El empleo registrado perdió más de 354 mil puestos formales desde noviembre de 2023 y junio volvió a cerrar en baja
El sistema previsional argentino registró 12.260 trabajadores asalariados menos en junio y acumula una contracción del 1,5% interanual, con caída simultánea en el sector privado, el público y el personal de casas particulares. Solo el monotributo creció en el período y los datos de julio muestran una estabilización explicada por menos contrataciones y no por una mejora genuina del mercado laboral.
El empleo asalariado registrado volvió a mostrar señales de debilidad durante junio y extendió una tendencia contractiva que ya se sostiene desde fines de 2023. Según los datos procesados por la Secretaría de Trabajo a partir del Sistema Integrado Previsional Argentino (SIPA), en el sexto mes del año se perdieron 12.260 puestos formales en relación a mayo, lo que equivale a una baja mensual del 0,1% y a una contracción interanual del 1,5%.
El retroceso tuvo alcance amplio y alcanzó a los tres grandes componentes del trabajo registrado.

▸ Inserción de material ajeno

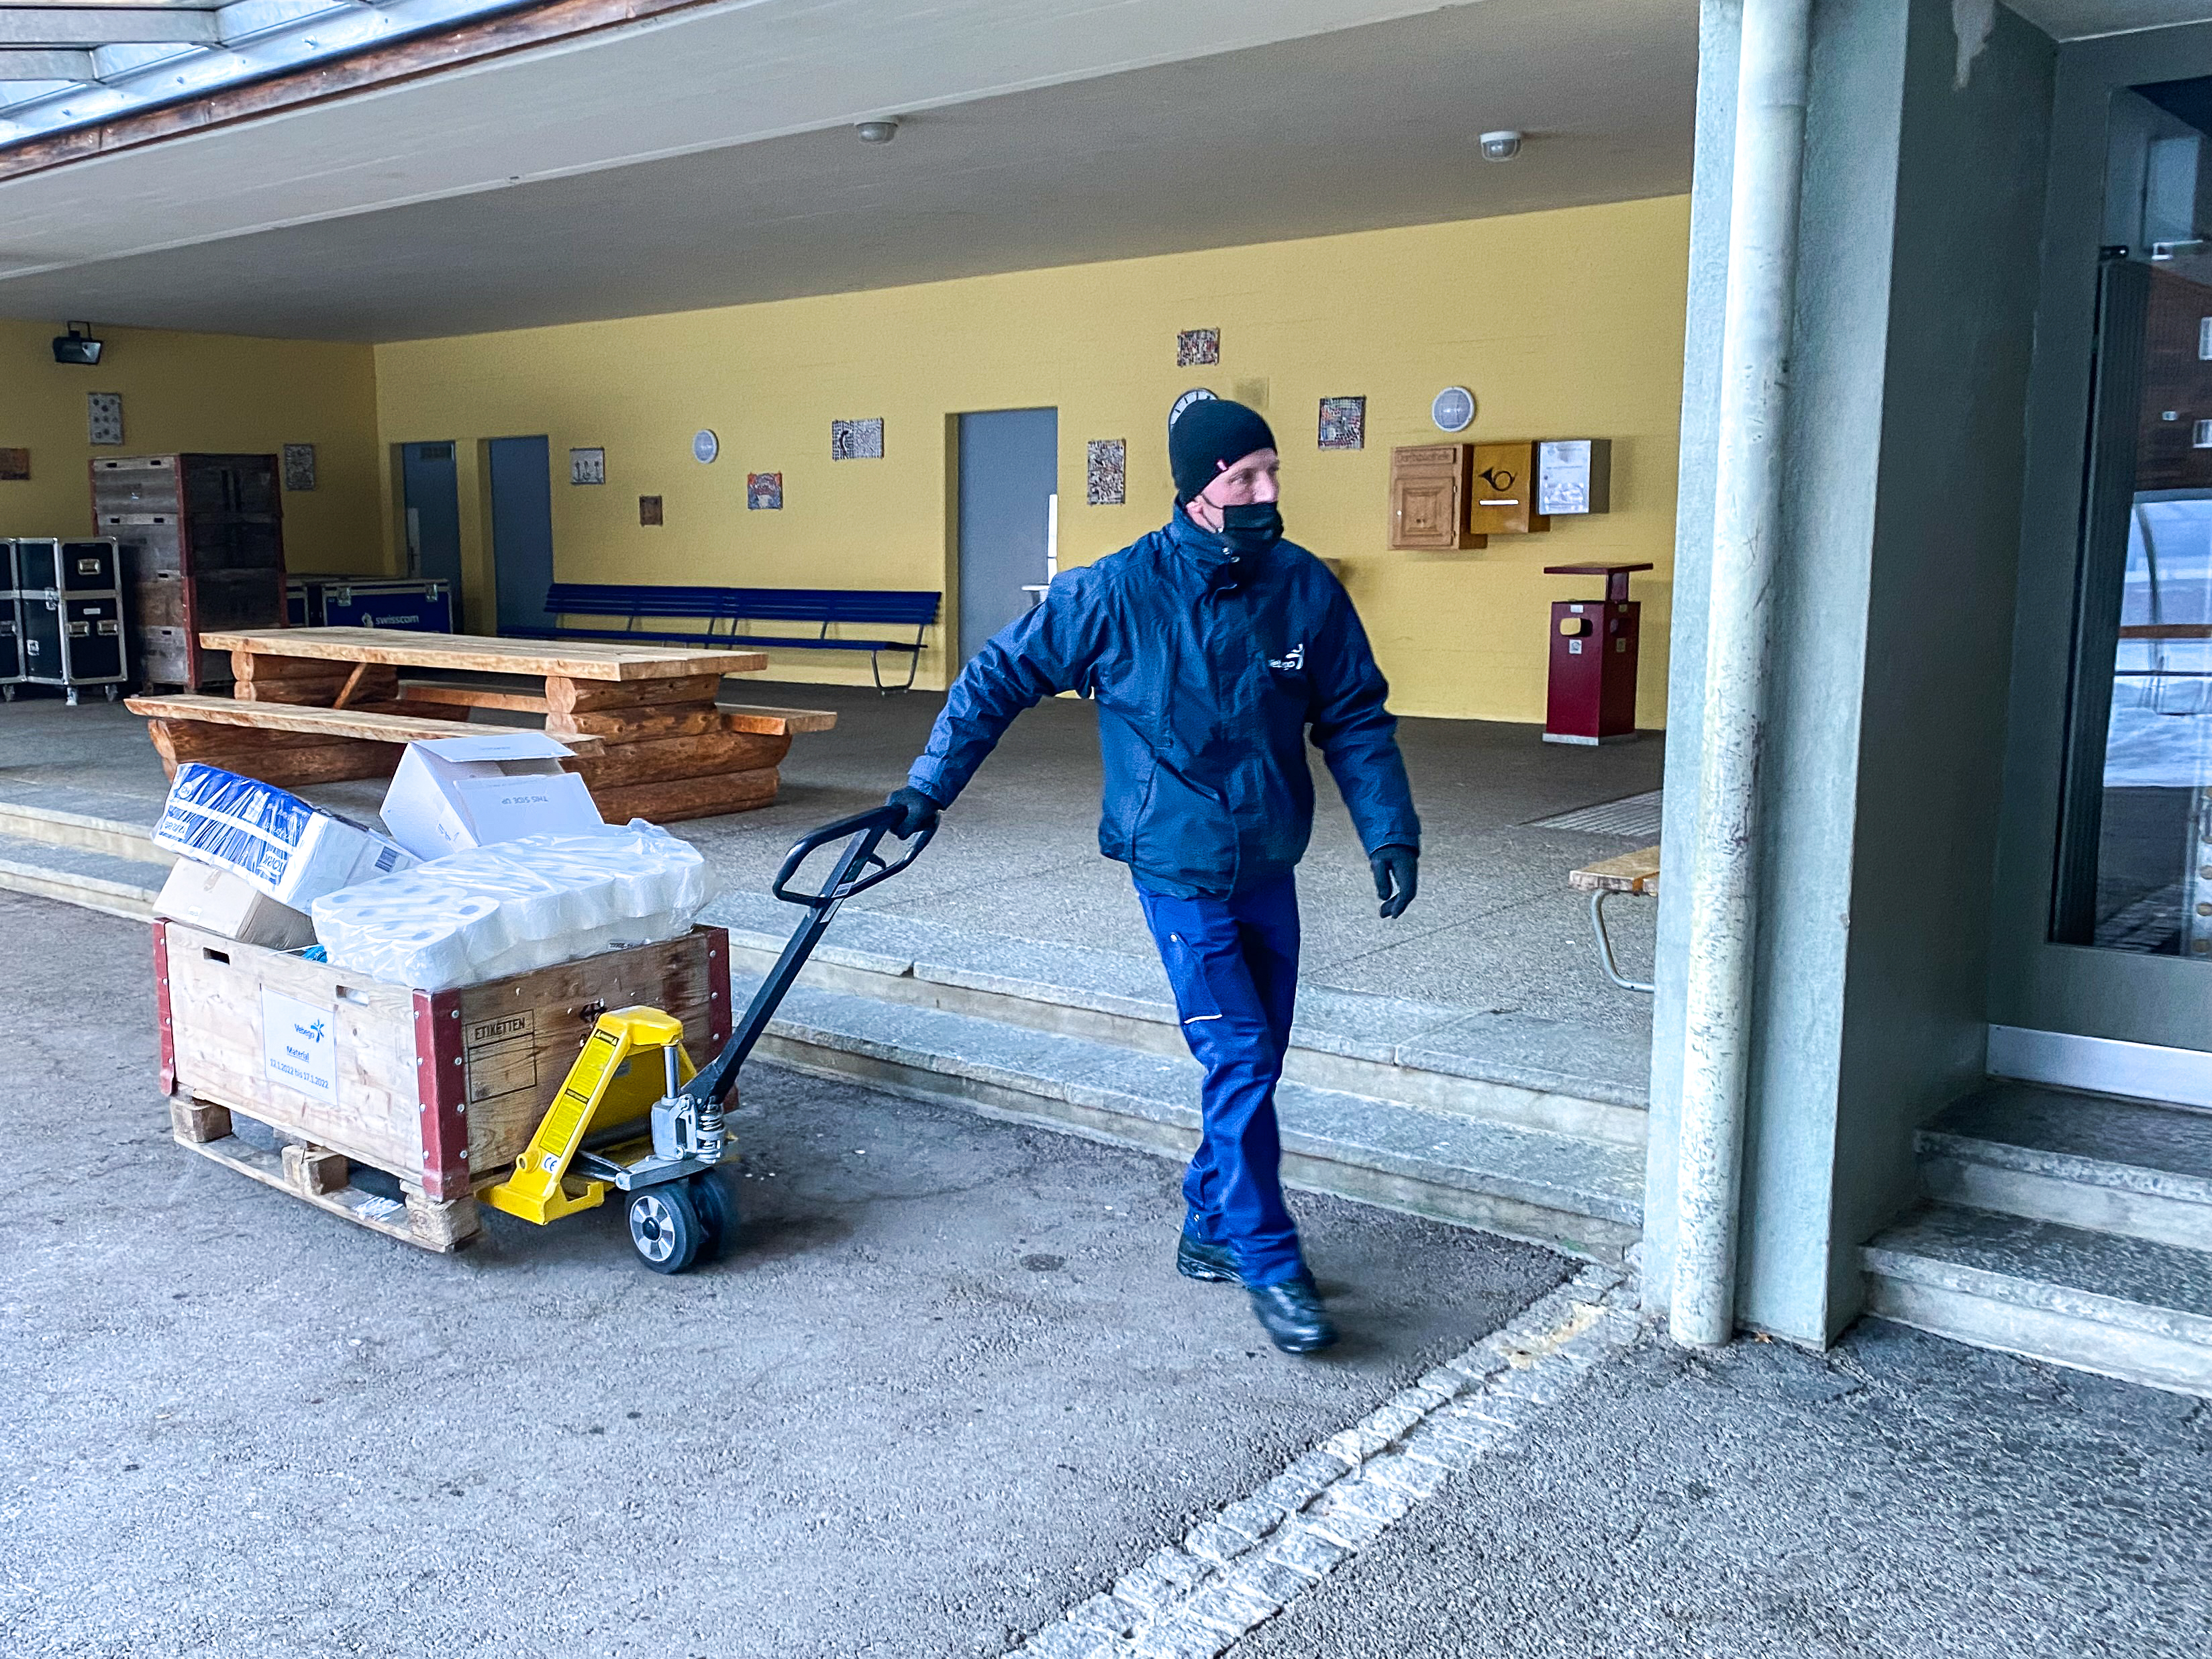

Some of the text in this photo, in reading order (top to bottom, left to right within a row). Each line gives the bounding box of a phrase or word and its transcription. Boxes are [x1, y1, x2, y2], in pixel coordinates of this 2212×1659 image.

El sector privado perdió 6.261 puestos en el mes, con una merma del 0,10%; el sector público recortó 5.127 posiciones, un 0,15%; y el personal de casas particulares sumó una caída de 872 trabajadores, equivalente al 0,20%. En ese escenario, el monotributo fue la única categoría que creció, con 4.360 nuevos inscriptos en junio, un alza del 0,20%.

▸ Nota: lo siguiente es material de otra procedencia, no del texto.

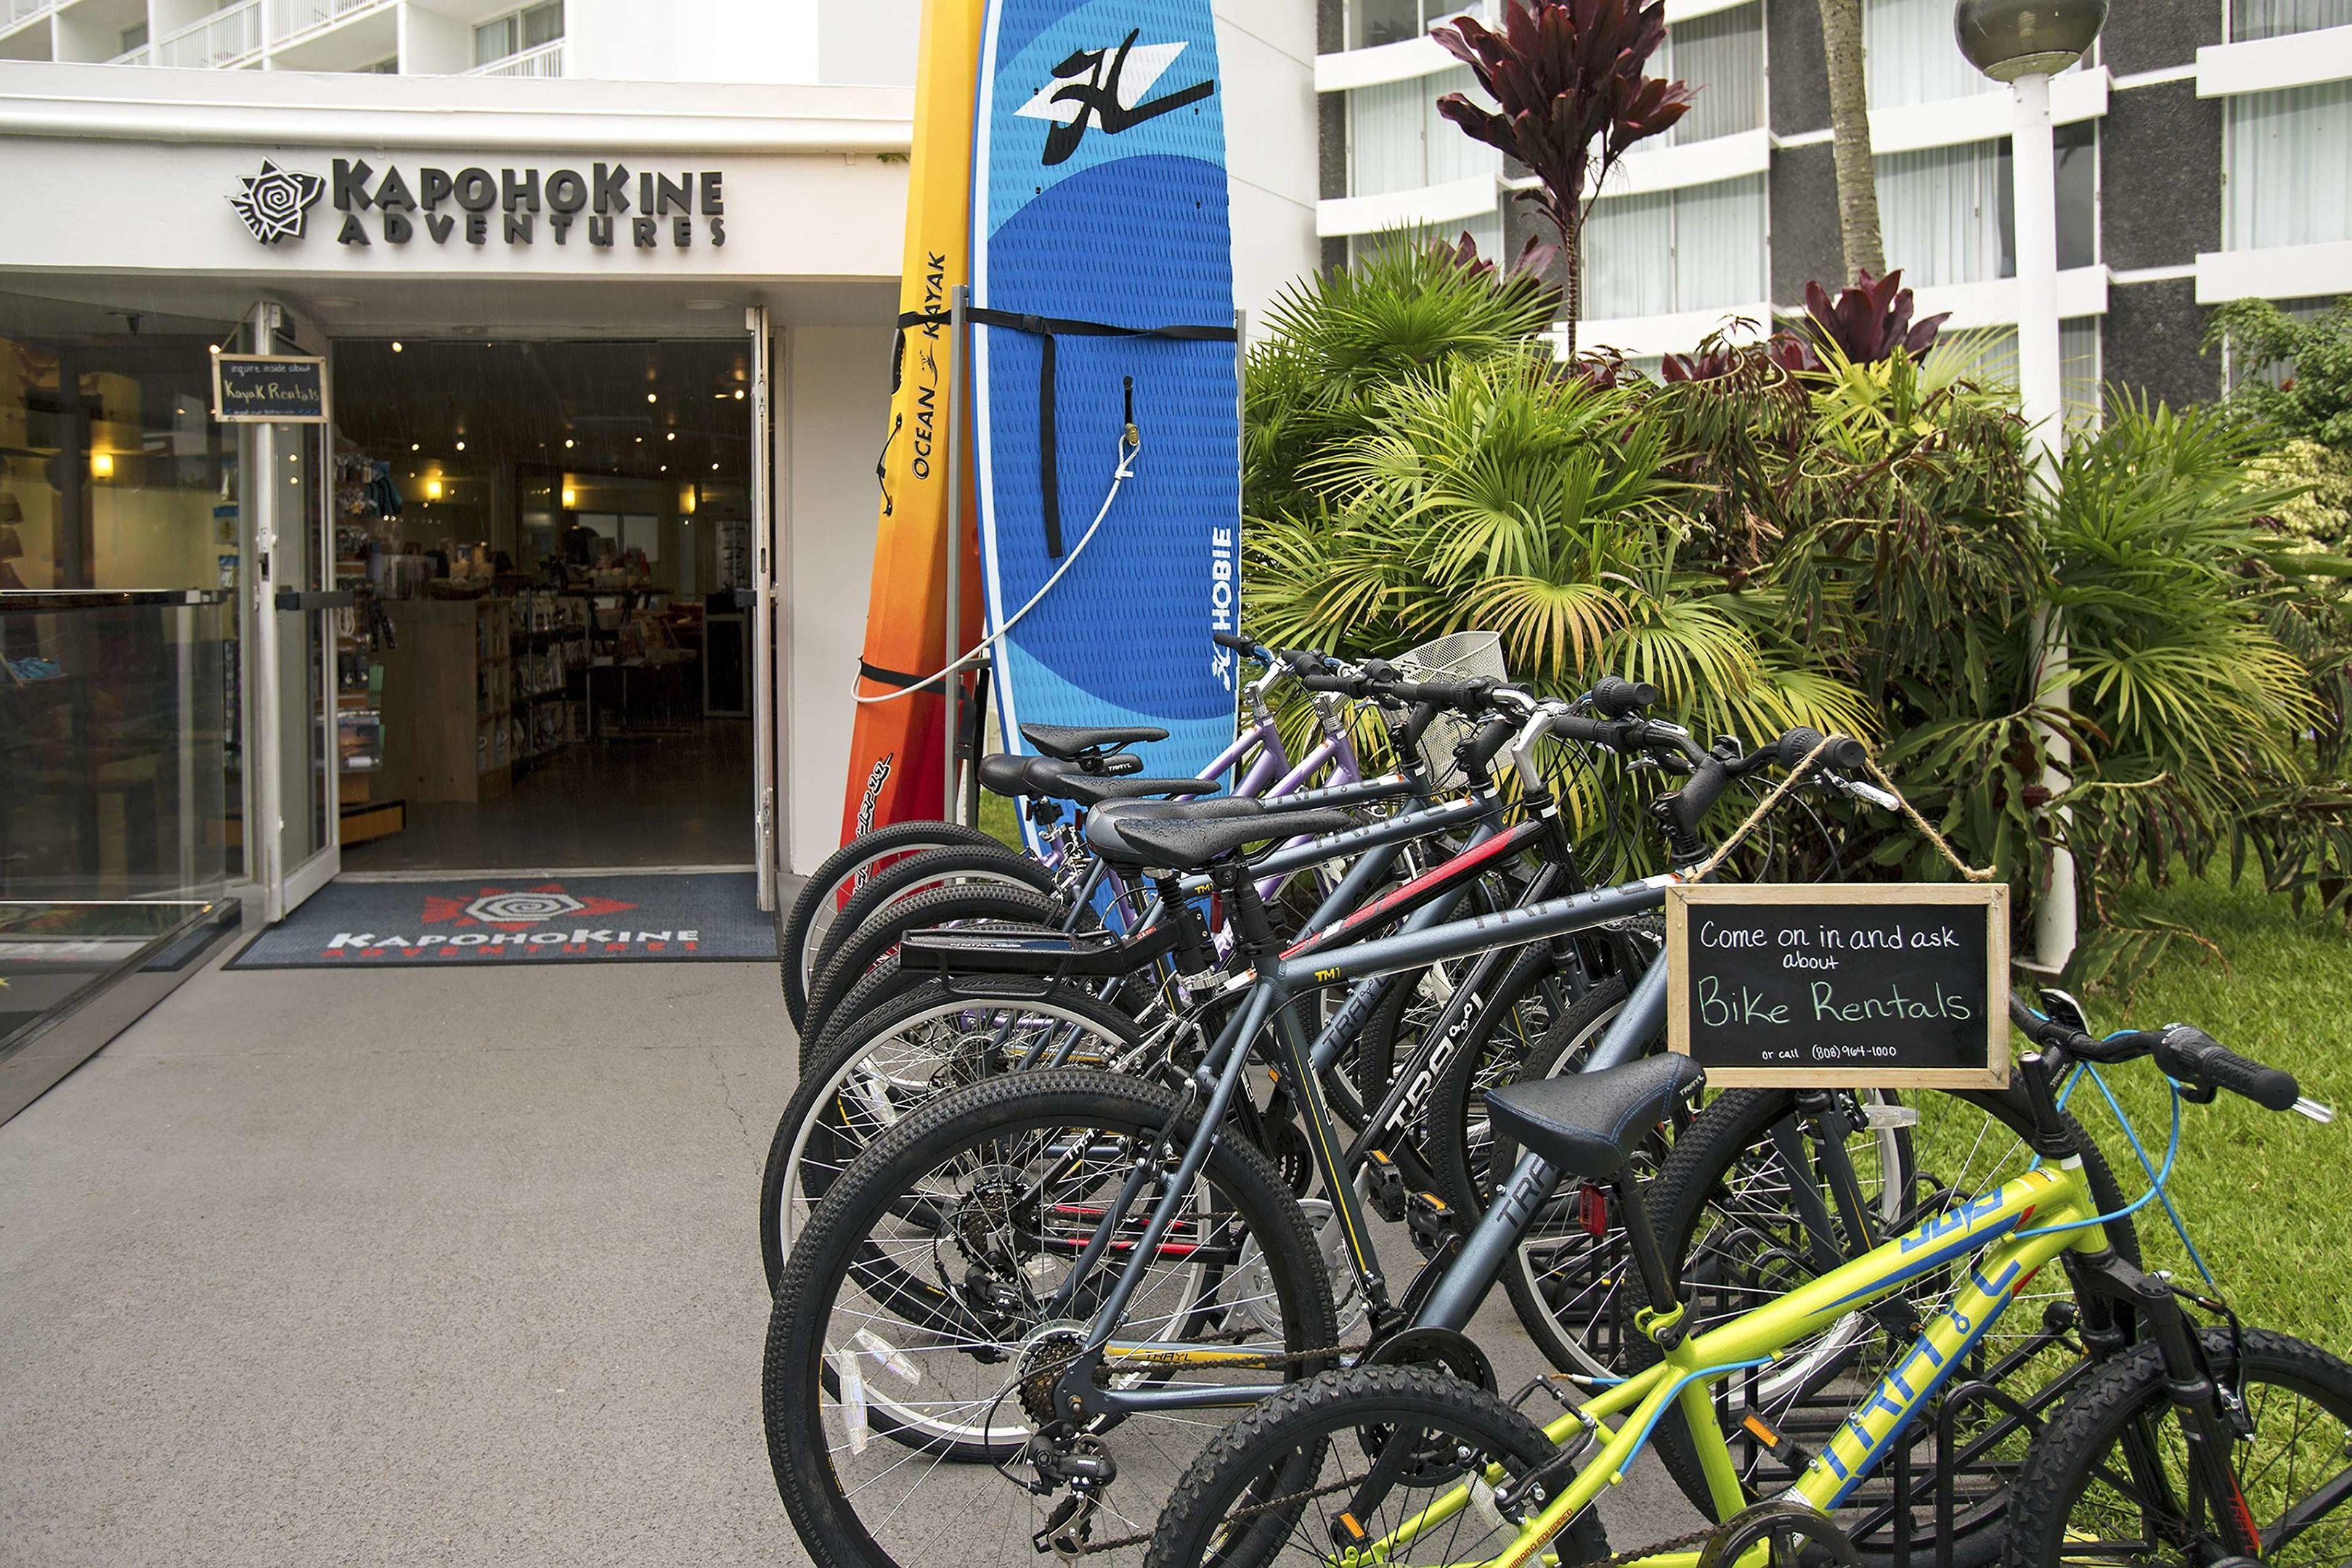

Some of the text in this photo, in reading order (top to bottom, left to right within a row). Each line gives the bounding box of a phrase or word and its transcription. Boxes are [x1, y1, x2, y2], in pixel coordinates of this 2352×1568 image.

[332, 158, 725, 216] KAPOHOKINE
[338, 213, 725, 248] ADVENTURES
[264, 364, 287, 373] inside
[288, 363, 312, 372] about
[912, 250, 945, 481] OCEAN KAYAK
[267, 382, 320, 401] Rentals
[1211, 527, 1232, 630] HOBIE
[327, 929, 699, 949] KAPOHOKINE
[1701, 920, 1960, 950] Come on in and ask
[1783, 952, 1839, 970] about
[1811, 981, 1971, 1022] Rentals
[1762, 1050, 1775, 1061] or
[1778, 1047, 1799, 1059] call
[1537, 1508, 1574, 1545] EQUIPPED

El balance desde noviembre de 2023 supera los 354 mil puestos formales menos
La fotografia de largo plazo resulta más elocuente que la variación mensual. Desde noviembre de 2023, el empleo asalariado registrado acumula una pérdida de 354.128 puestos, con descensos pronunciados en todos los segmentos asalariados. El sector privado resignó 246.312 trabajadores, una contracción del 3,9%; el sector público redujo su planta en 87.629 personas, un 2,5%; y el personal doméstico perdió 20.187 posiciones, un 4,3%. En contrapunto, el monotributo incorporó 169.026 nuevos inscriptos en ese período, con un incremento del 8,3%.
- Industria manufacturera: 20 meses consecutivos de variación negativa.

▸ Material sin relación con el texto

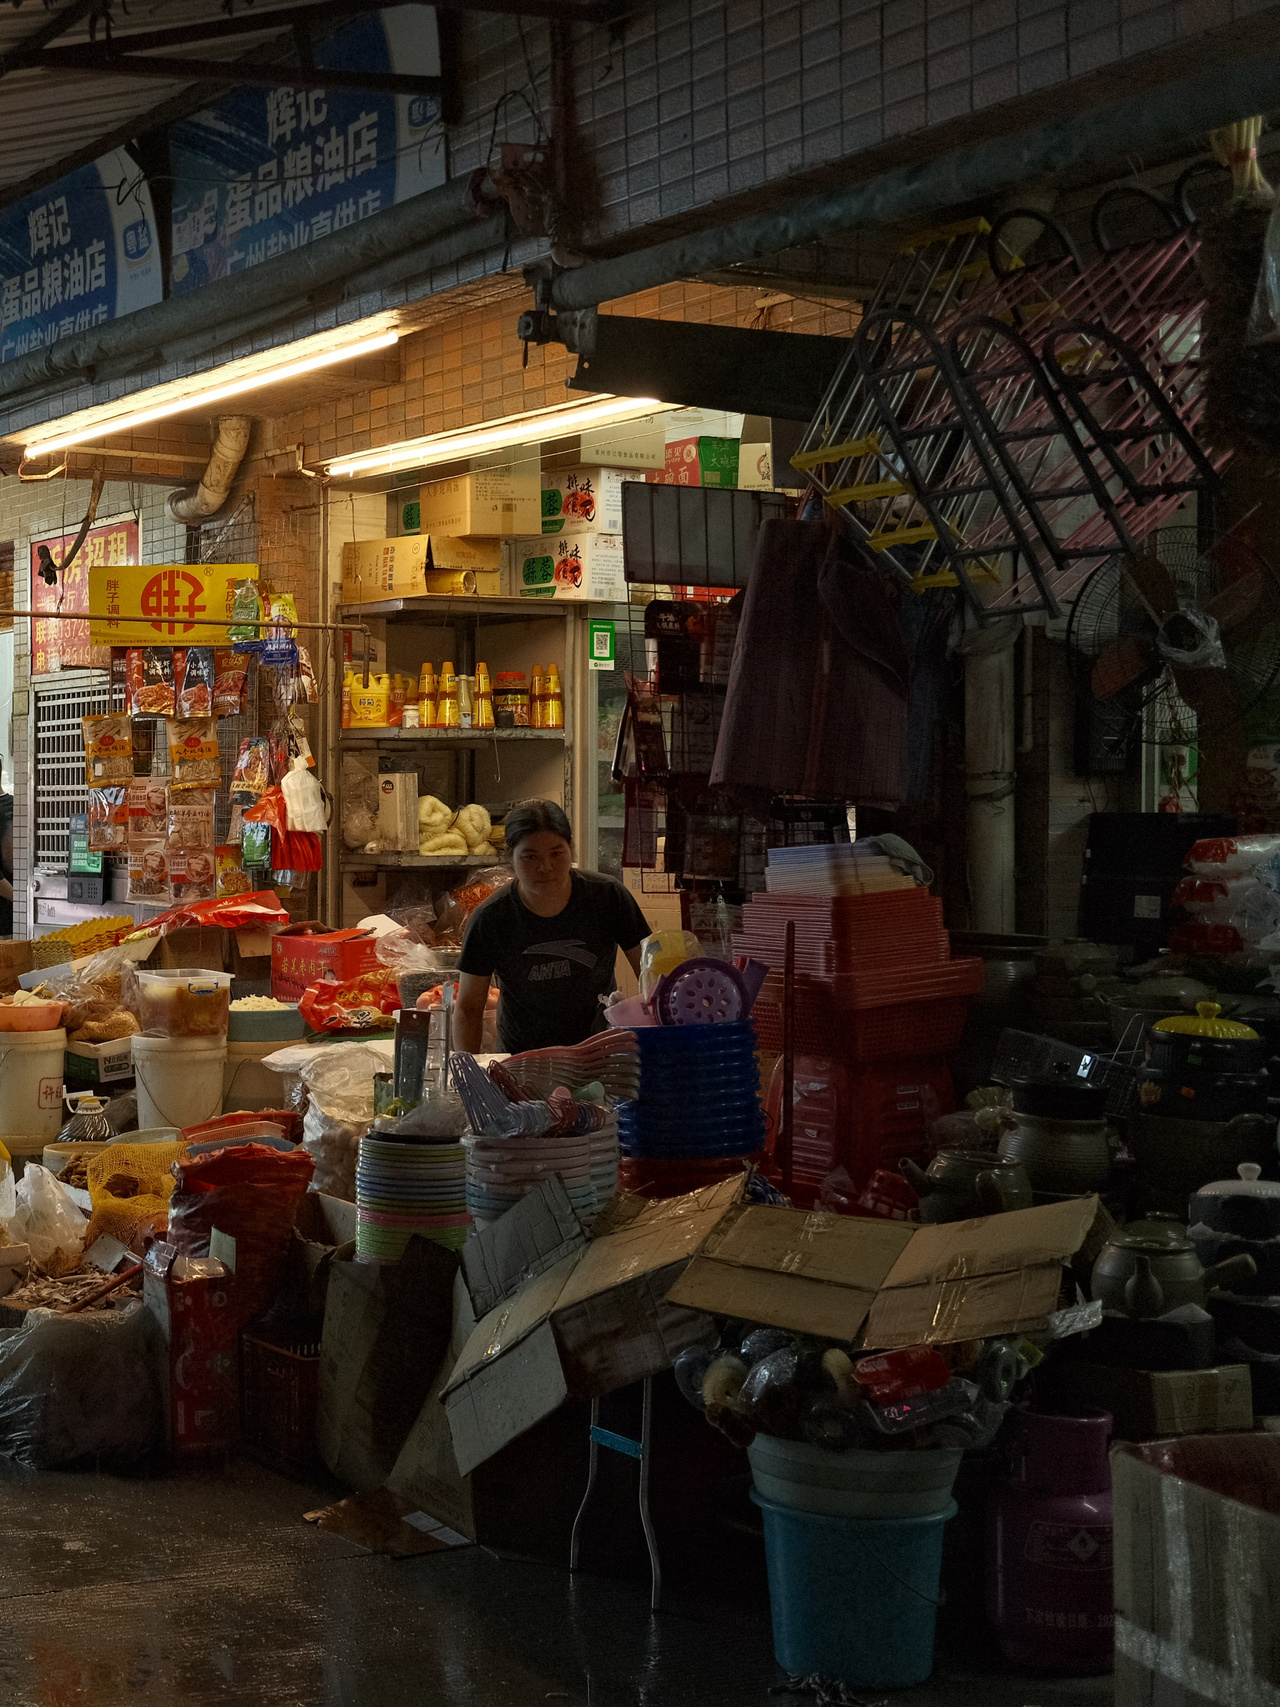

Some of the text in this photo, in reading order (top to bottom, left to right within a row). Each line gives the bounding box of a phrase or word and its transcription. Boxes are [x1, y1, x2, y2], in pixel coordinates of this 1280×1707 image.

[266, 86, 327, 148] 辉记
[224, 110, 378, 236] 蛋品粮油店
[28, 196, 71, 259] 辉记
[1, 239, 107, 328] 蛋品粮油店
[105, 579, 120, 629] 胖子调料
[528, 959, 572, 981] ANTA

- Comercio: 13 meses en territorio contractivo.
- Servicios comunitarios, sociales y personales: mayor caída mensual de junio, con un retroceso del 0,5%.
- Intermediación financiera: baja mensual del 0,4% en junio.
- Hoteles y restaurantes: contracción del 0,3% en el mes.
- Pesca, minería y actividades inmobiliarias: sectores con leves avances en junio.
En la comparación con junio de 2025, el empleo asalariado privado se contrajo 1,9%, equivalente a unas 121.000 personas menos, mientras que el empleo público retrocedió 0,9%, con 30.500 trabajadores menos en el año. El personal de casas particulares constituyó la excepción dentro del trabajo registrado, con una suba interanual del 0,8% y 3.500 puestos adicionales.
“El sector privado encadena 13 meses consecutivos de retracción y los niveles actuales se ubican en parámetros similares a los de fines de 2014, un momento crítico del ciclo económico argentino.”Luis Campos, investigador del Instituto de Estudios y Formación de la CTA-Autónoma
Los indicadores adelantados de julio sugieren una estabilización del empleo en los principales aglomerados urbanos, aunque la Secretaría de Trabajo advierte que ese freno no se explica por una reducción de los despidos sino por una menor cantidad de nuevas contrataciones por parte de las empresas. Para los analistas consultados, esta distinción resulta central: la planilla no se destruye al mismo ritmo, pero tampoco se reconstruye, lo que mantiene al mercado laboral formal en una situación de fragilidad sostenida, con la industria y el comercio como los sectores más golpeados y con el monotributo como único registro que mostró expansión neta en los últimos meses.